An exact copy of all records is expected, minus the images.
===== GIVEN RECORDS
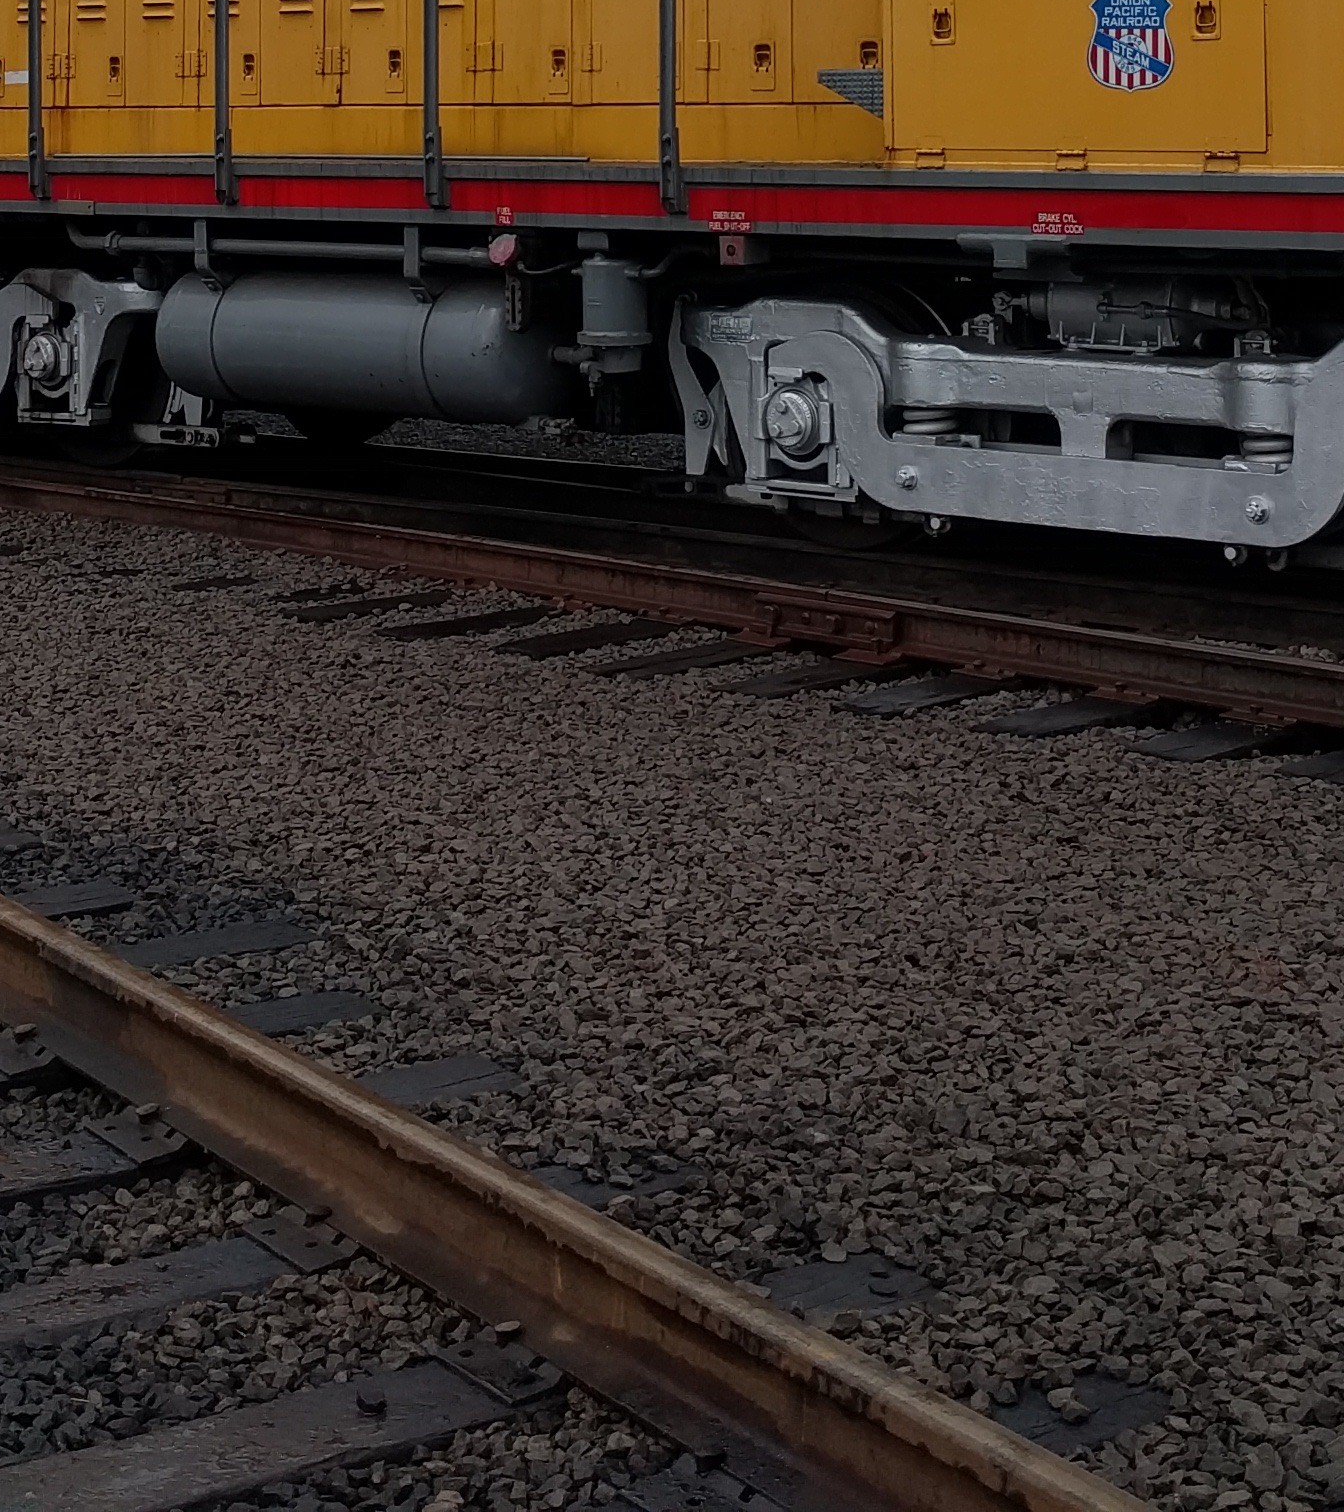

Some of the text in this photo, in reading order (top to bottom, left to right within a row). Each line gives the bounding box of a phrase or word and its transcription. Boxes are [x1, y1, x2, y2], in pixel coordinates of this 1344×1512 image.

[1104, 6, 1157, 16] PACIFIC
[1101, 17, 1160, 27] RAILROAD
[1112, 40, 1150, 69] STEAM
[1038, 213, 1061, 223] BRAKE
[1032, 223, 1084, 234] CUT-OUT COCK
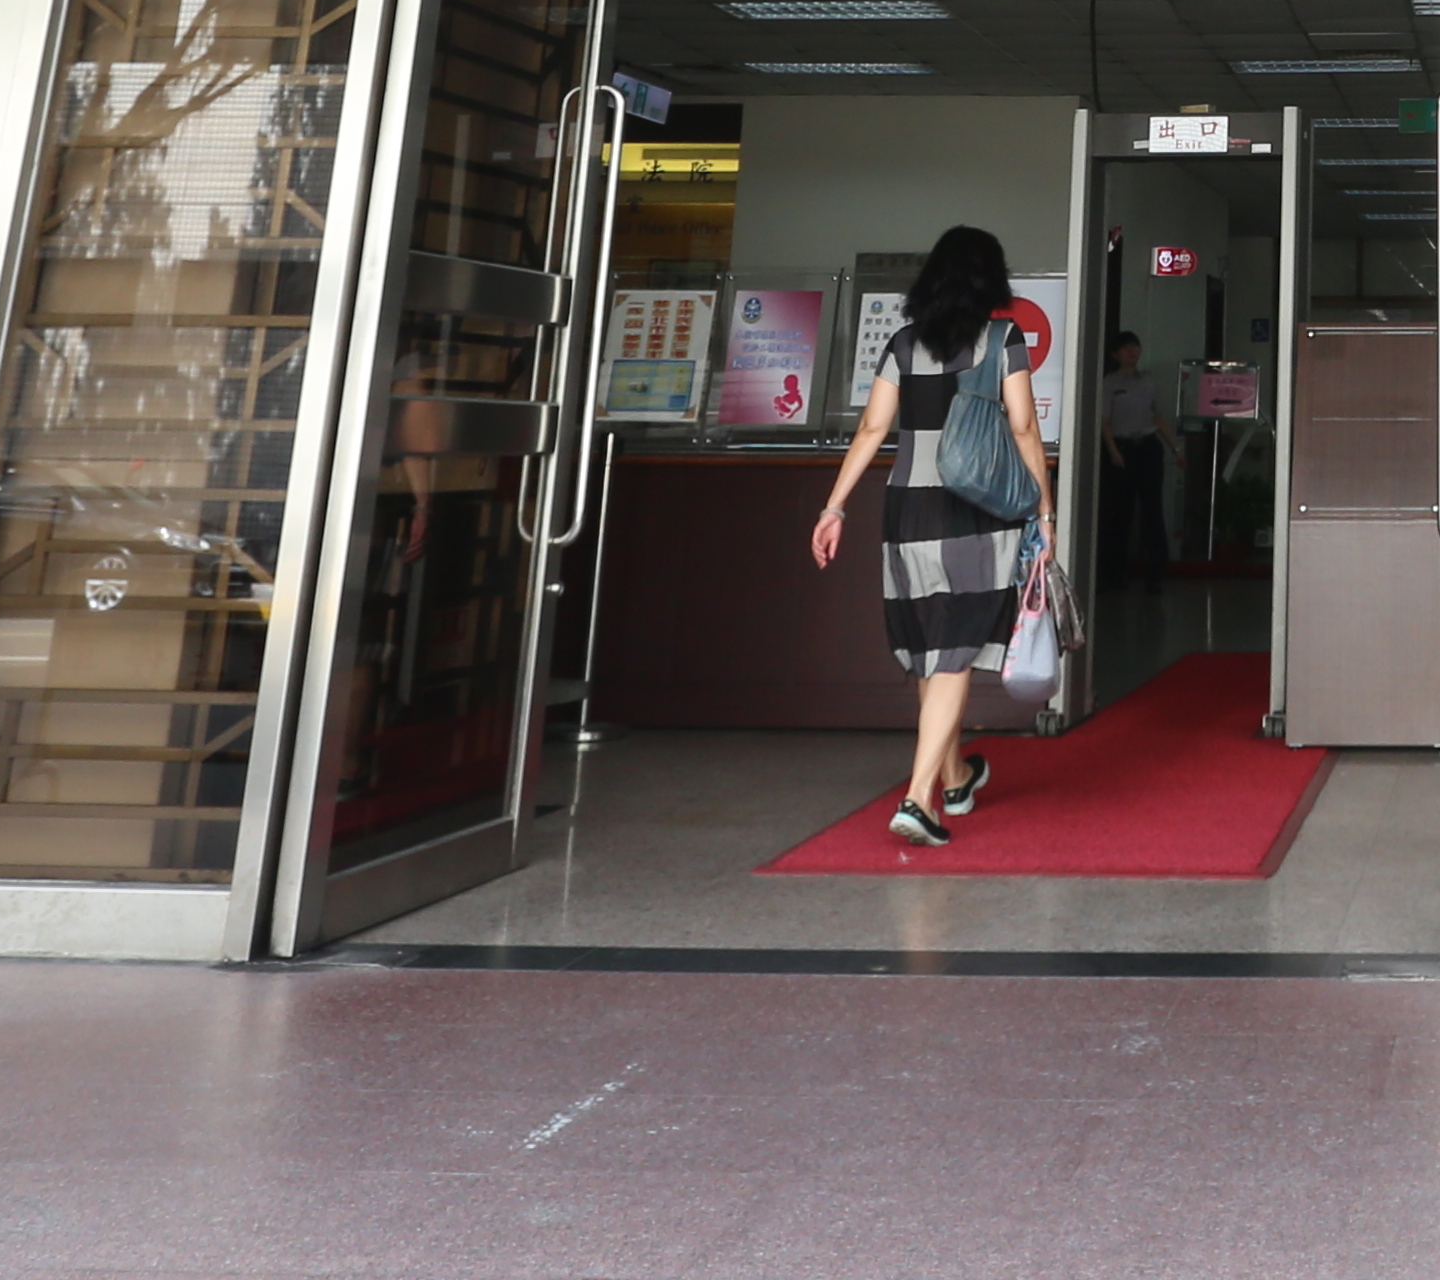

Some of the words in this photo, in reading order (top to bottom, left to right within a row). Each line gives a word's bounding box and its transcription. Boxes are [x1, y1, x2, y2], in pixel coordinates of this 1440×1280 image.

[1159, 120, 1219, 138] 出口
[1175, 139, 1203, 150] Exit
[1173, 254, 1191, 263] AED
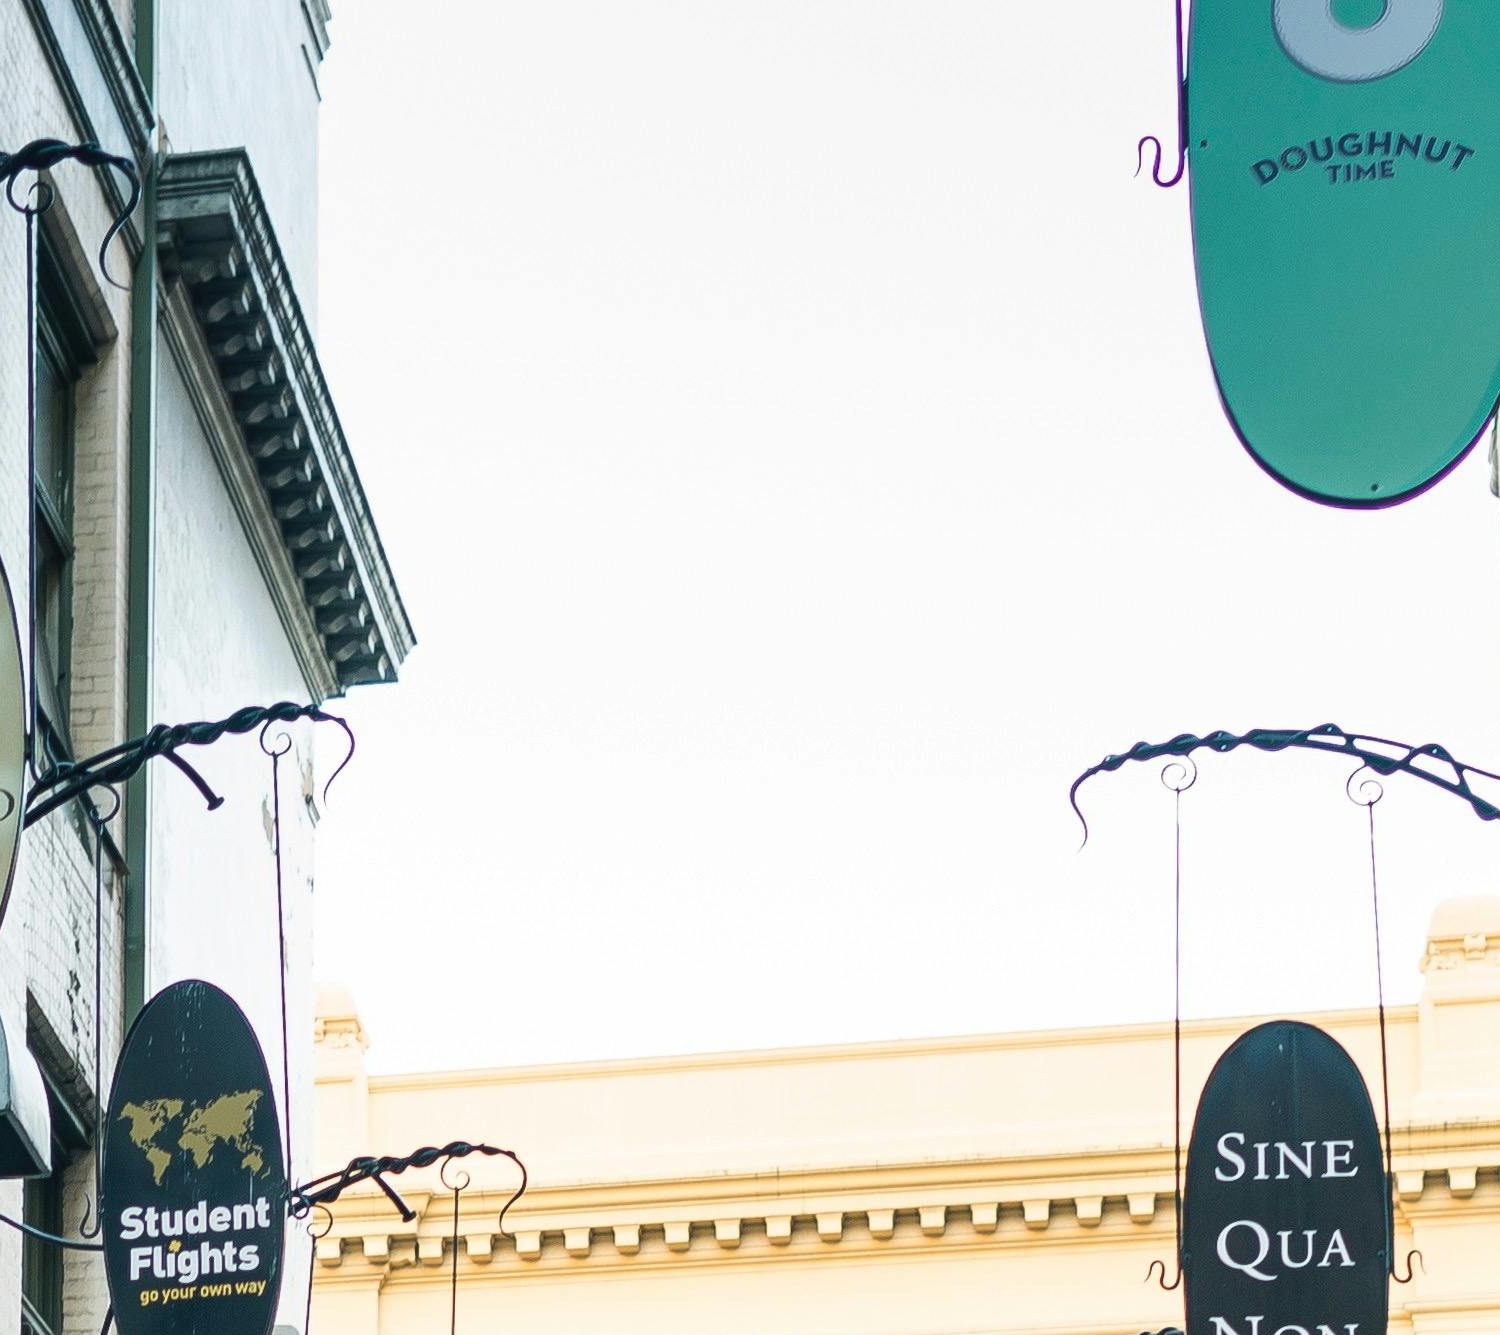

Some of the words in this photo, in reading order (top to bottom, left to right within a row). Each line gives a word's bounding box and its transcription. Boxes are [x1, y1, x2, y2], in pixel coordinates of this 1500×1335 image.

[1250, 130, 1476, 187] DOUGHNUT
[1326, 159, 1396, 184] TIME
[1213, 1131, 1359, 1182] SINE
[119, 1196, 272, 1241] Student
[129, 1238, 261, 1285] Flights
[1215, 1219, 1357, 1280] QUA
[140, 1288, 160, 1307] go
[162, 1283, 197, 1306] your
[199, 1282, 233, 1300] own
[235, 1278, 268, 1299] way
==========
• _COMPLETED EXERCISE_
Some of the text in this photo, in reading order (top to bottom, left to right within a row). Each line gives the bounding box of a phrase or word and its transcription. Boxes are [x1, y1, x2, y2], in pixel coordinates of this 1344×1512 image.

[1104, 6, 1157, 16] PACIFIC
[1101, 17, 1160, 27] RAILROAD
[1112, 40, 1150, 69] STEAM
[1038, 213, 1061, 223] BRAKE
[1032, 223, 1084, 234] CUT-OUT COCK

Some of the words in this photo, in reading order (top to bottom, left to right within a row). Each line gives a word's bounding box and its transcription. Boxes are [x1, y1, x2, y2], in pixel coordinates of this 1440×1280 image.

[1159, 120, 1219, 138] 出口
[1175, 139, 1203, 150] Exit
[1173, 254, 1191, 263] AED

Some of the words in this photo, in reading order (top to bottom, left to right within a row). Each line gives a word's bounding box and its transcription. Boxes are [x1, y1, x2, y2], in pixel coordinates of this 1500×1335 image.

[1250, 130, 1476, 187] DOUGHNUT
[1326, 159, 1396, 184] TIME
[1213, 1131, 1359, 1182] SINE
[119, 1196, 272, 1241] Student
[129, 1238, 261, 1285] Flights
[1215, 1219, 1357, 1280] QUA
[140, 1288, 160, 1307] go
[162, 1283, 197, 1306] your
[199, 1282, 233, 1300] own
[235, 1278, 268, 1299] way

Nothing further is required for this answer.